#### [What the task asks]
A verbatim repetition of the data below is requested, without images.

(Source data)
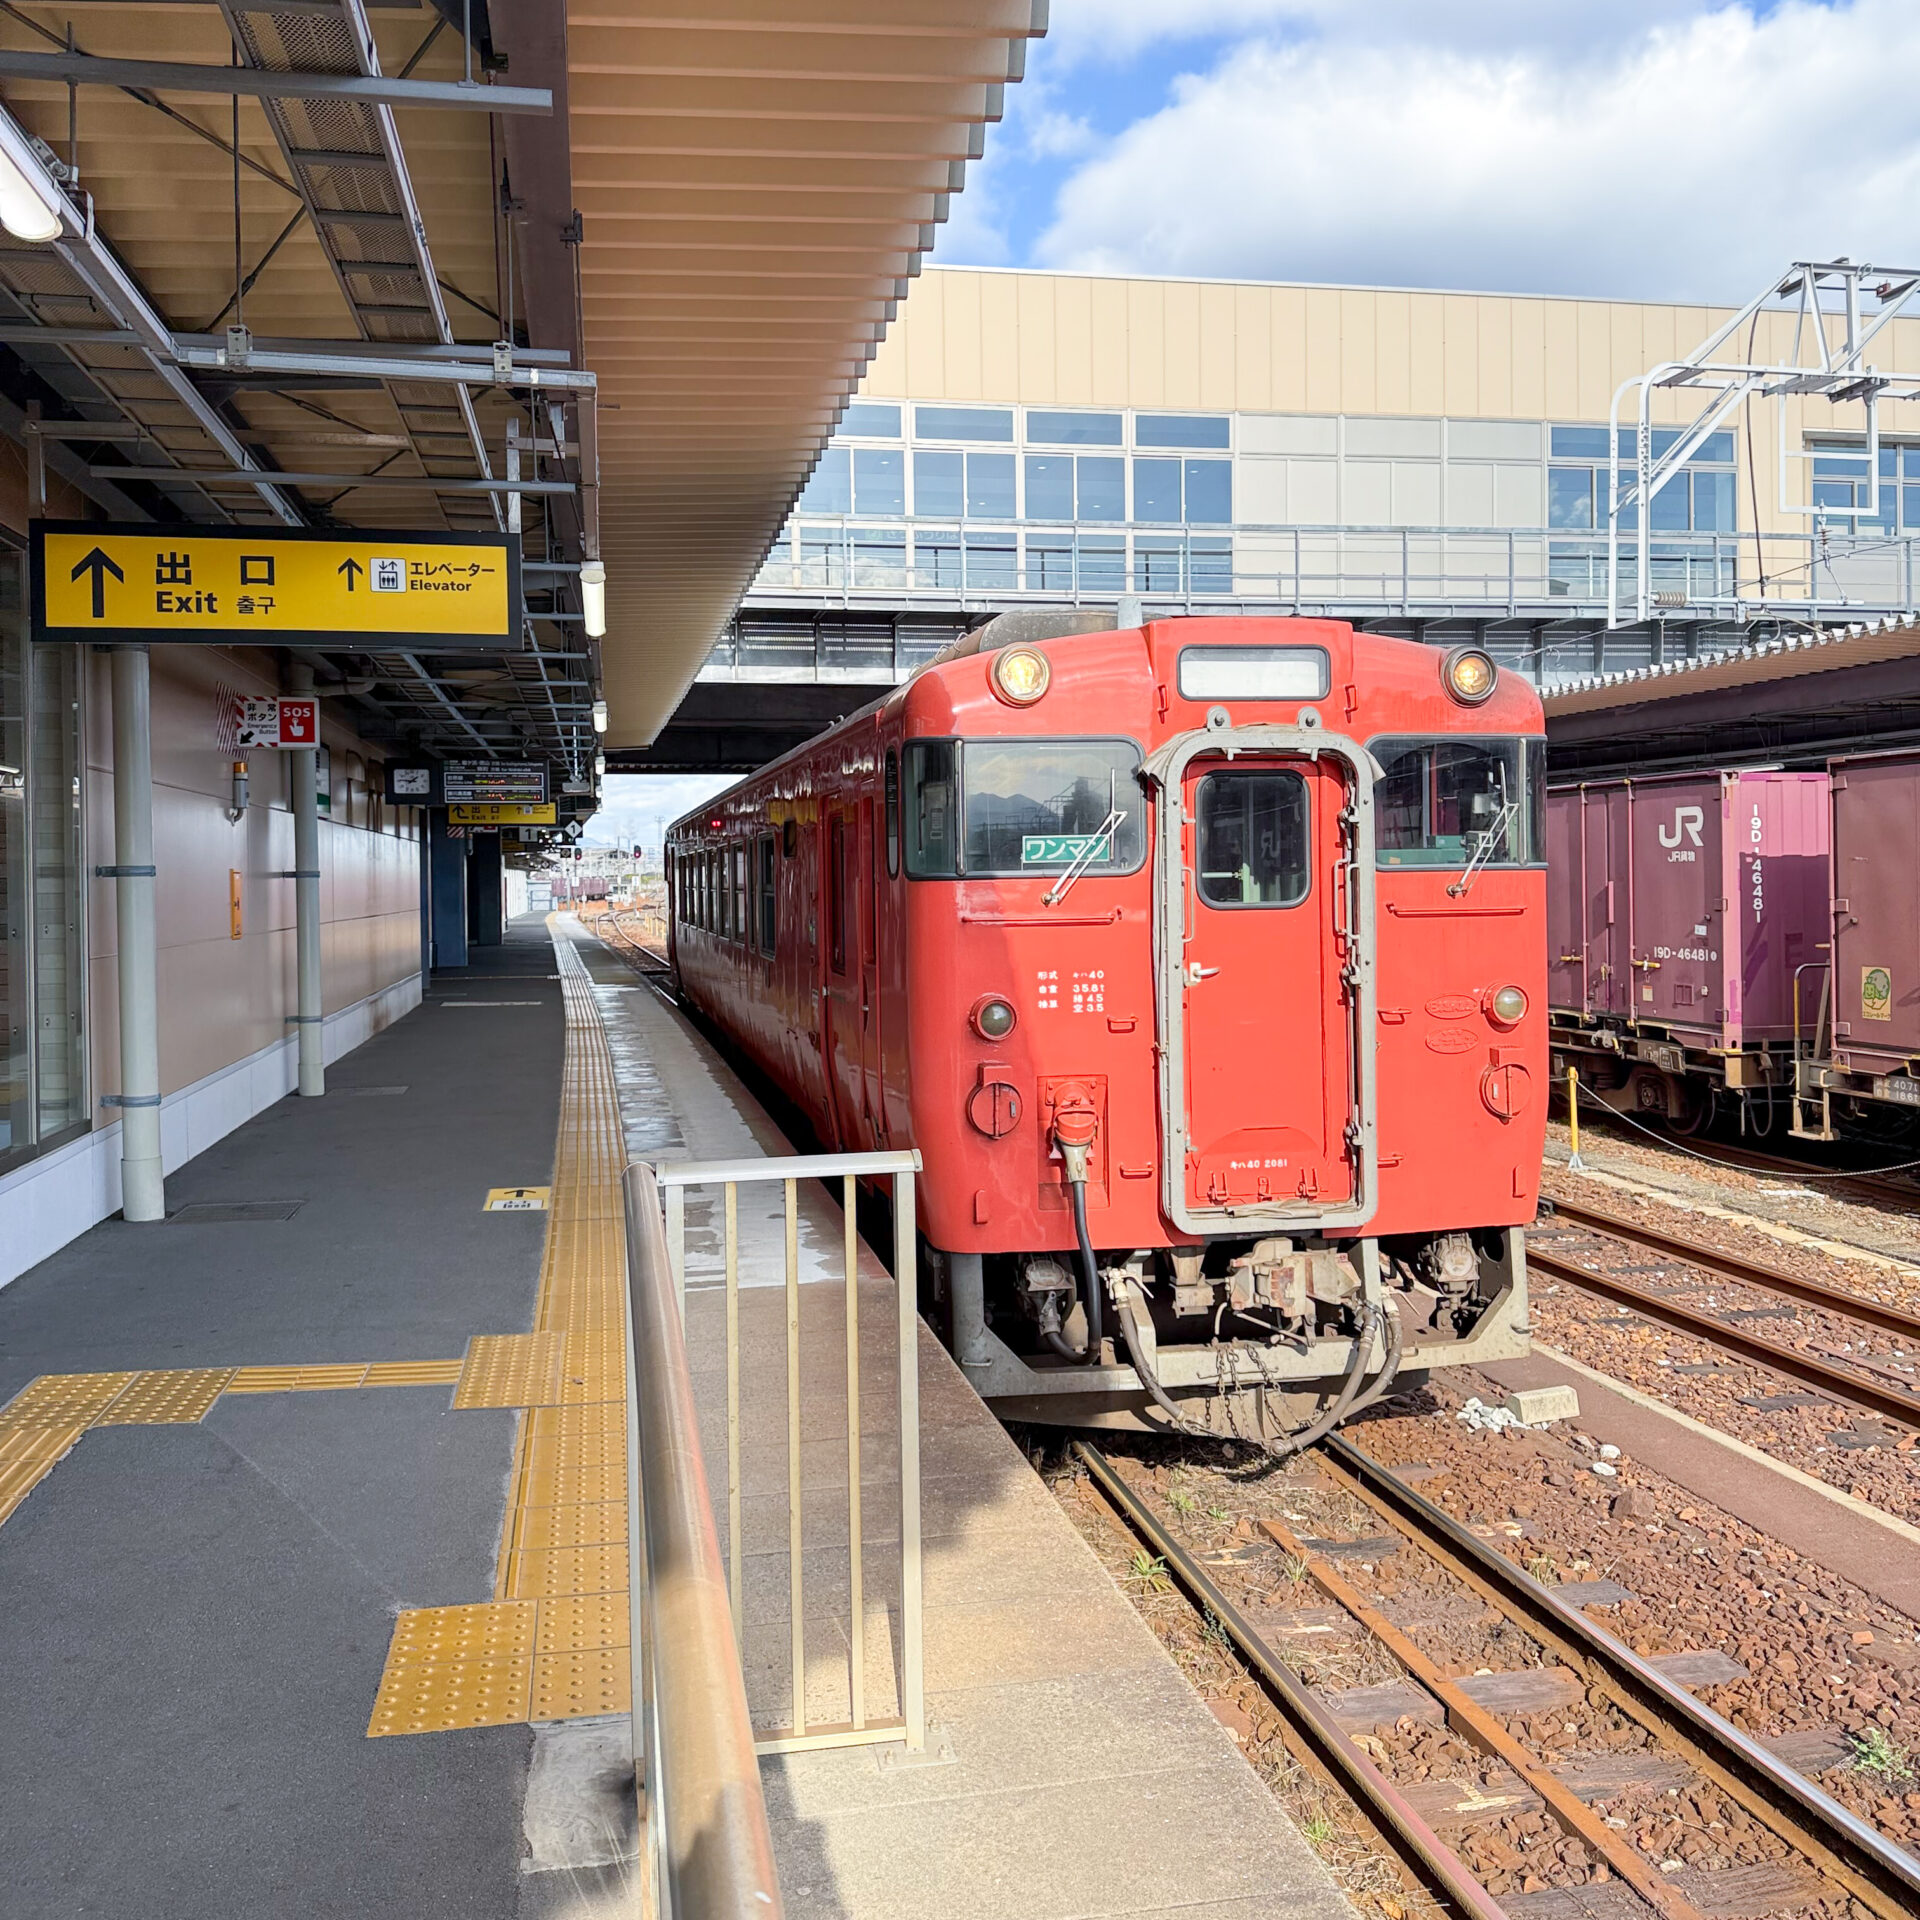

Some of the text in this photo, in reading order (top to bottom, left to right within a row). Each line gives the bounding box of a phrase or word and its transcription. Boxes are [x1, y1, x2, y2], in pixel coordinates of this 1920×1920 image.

[155, 552, 276, 586] 出口
[410, 562, 495, 577] エレベーター
[410, 579, 472, 592] Elevator
[156, 590, 218, 614] Exit
[236, 595, 277, 615] 출구
[247, 703, 277, 712] 非常
[283, 707, 311, 718] SOS
[247, 713, 277, 722] ボタン
[472, 806, 500, 814] 出口
[1658, 805, 1704, 849] JR
[1026, 838, 1108, 860] ワンマン
[1653, 946, 1709, 961] 19D-46481
[1037, 970, 1058, 980] 形式
[1230, 1158, 1288, 1170] キハ40 2081

#### [Reply to the task]
Some of the text in this photo, in reading order (top to bottom, left to right within a row). Each line gives the bounding box of a phrase or word and its transcription. Boxes are [x1, y1, x2, y2], in pixel coordinates of this 1920×1920 image.

[155, 552, 276, 586] 出口
[410, 562, 495, 577] エレベーター
[410, 579, 472, 592] Elevator
[156, 590, 218, 614] Exit
[236, 595, 277, 615] 출구
[247, 703, 277, 712] 非常
[283, 707, 311, 718] SOS
[247, 713, 277, 722] ボタン
[472, 806, 500, 814] 出口
[1658, 805, 1704, 849] JR
[1026, 838, 1108, 860] ワンマン
[1653, 946, 1709, 961] 19D-46481
[1037, 970, 1058, 980] 形式
[1230, 1158, 1288, 1170] キハ40 2081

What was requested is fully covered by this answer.